Whilst the UK government has provided a substantial amount of financial support for businesses and individuals during the ongoing Coronavirus pandemic, the question of how they intend to recoup some of this funding is never far away, with an increase in Capital Gains Tax (CGT) rates predicted by many as one of the planned avenues of attack.
Further weight has been added to these predictions following the recent submission made by the Office of Tax Simplification (OTS), dated 11th November 2020, in response to the Chancellor's request for them to review the CGT regime back in July this year.
Bill Dodwell, the Tax Director at the OTS, has stated “If the government considers the simplification priority is to reduce distortions to behaviour, it should consider either more closely aligning Capital Gains Tax rates with income tax rates, or addressing boundary issues as between Capital Gains Tax and income tax”. To put this suggestion into context the current top rate for CGT is 28%, whereas the top rate of income tax is 45%, so to align the two taxes could see a dramatic increase in the amount of CGT paid on gains.

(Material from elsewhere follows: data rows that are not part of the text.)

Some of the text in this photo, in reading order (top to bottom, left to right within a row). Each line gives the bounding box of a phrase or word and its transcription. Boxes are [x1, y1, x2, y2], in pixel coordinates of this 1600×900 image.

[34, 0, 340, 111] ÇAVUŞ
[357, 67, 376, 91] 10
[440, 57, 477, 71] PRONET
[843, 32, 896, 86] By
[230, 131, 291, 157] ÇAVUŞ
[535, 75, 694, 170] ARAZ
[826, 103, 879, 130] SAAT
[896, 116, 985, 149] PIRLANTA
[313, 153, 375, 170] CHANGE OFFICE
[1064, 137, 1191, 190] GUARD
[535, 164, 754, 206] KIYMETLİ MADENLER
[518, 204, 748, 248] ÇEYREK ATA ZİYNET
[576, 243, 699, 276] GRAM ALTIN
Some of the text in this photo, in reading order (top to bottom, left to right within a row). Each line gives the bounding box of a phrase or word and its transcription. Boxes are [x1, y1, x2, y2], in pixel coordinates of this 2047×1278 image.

In addition to the above proposals, the OTS has also suggested that the annual CGT exemption, which currently stands at £12,300 for the tax year ending 5th April 2021, be reduced to between £2,000-£5,000 to bring more individuals into the CGT regime. It is estimated that this could generate additional revenues of up to £900M and bring a further 400,000 individuals into the self-assessment regime, forcing them to file annual tax returns each year.
Possible plans to reintroduce a form of indexation, where assets are given an inflation-based increase on their original cost up to the date of disposal, have also been mooted, though this would be far from a new idea. It was originally introduced back in 1982 (back when shoulder pads were big, Rubik's cubes were frustrating and most of us had to physically get up to turn the tv over to one of only 4 channels we had available) and abolished, under the guise of Taper Relief, in 2008 for individuals.

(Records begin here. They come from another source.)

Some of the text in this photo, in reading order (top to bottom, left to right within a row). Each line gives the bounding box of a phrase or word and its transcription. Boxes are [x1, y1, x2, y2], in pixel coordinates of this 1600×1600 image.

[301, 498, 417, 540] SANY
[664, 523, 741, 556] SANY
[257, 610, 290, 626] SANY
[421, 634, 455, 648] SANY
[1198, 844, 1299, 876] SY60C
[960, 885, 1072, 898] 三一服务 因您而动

Business owners could also be hit hard, with the OTS review is recommending a far stricter qualifying criteria for Business Asset Disposal Relief (formerly Entrepreneur's Relief) and extending the qualifying holding period from the current 2 years to 10 years, making the relief far more focused on retirement than it is now. The OTS Review has also recommended that the lesser known Investor's Relief, where a reduced rate of CGT is payable on certain share disposals, be scrapped, which would make it one of the shortest reliefs on record. Share options/share schemes have also been brought into the firing line.
Another proposal put forward by the OTS relates to the transfer of assets on death, where currently these are inherited at the Probate Value (the market value at the date of death) which generally means that any gains or losses are minimal if these assets are then disposed of shortly after being inherited. The OTS has suggested that this uplift be removed and the individual inheriting the asset be treated as acquiring the asset at the original acquisition price paid for by the deceased, which could significantly increase any gains on disposal, especially when property is involved.
Understandably, the above has made many people very nervous, particularly those currently sitting on substantial accrued gains. At Sopher + Co we have already had several clients contact us to discuss their situation, with one client preferring to err on the side of caution and crystalize gains of £1.5M on their share portfolio now to ensure that they pay CGT at only 20% on these gains rather than delay disposal and risk paying considerably more should the rate of CGT increase. Others are prepared to sit tight in the hope that no increases will happen until 2022, when the words 'lockdown' and 'pandemic' are, hopefully, a thing of the past.
Although we do not have a crystal ball and are unable to predict exactly when CGT rates will increase, the likelihood is that this will happen at some point, though history does show us that this is unlikely to happen before the Chancellor's Budget next year. This does, however, give us time to put plans in place for you.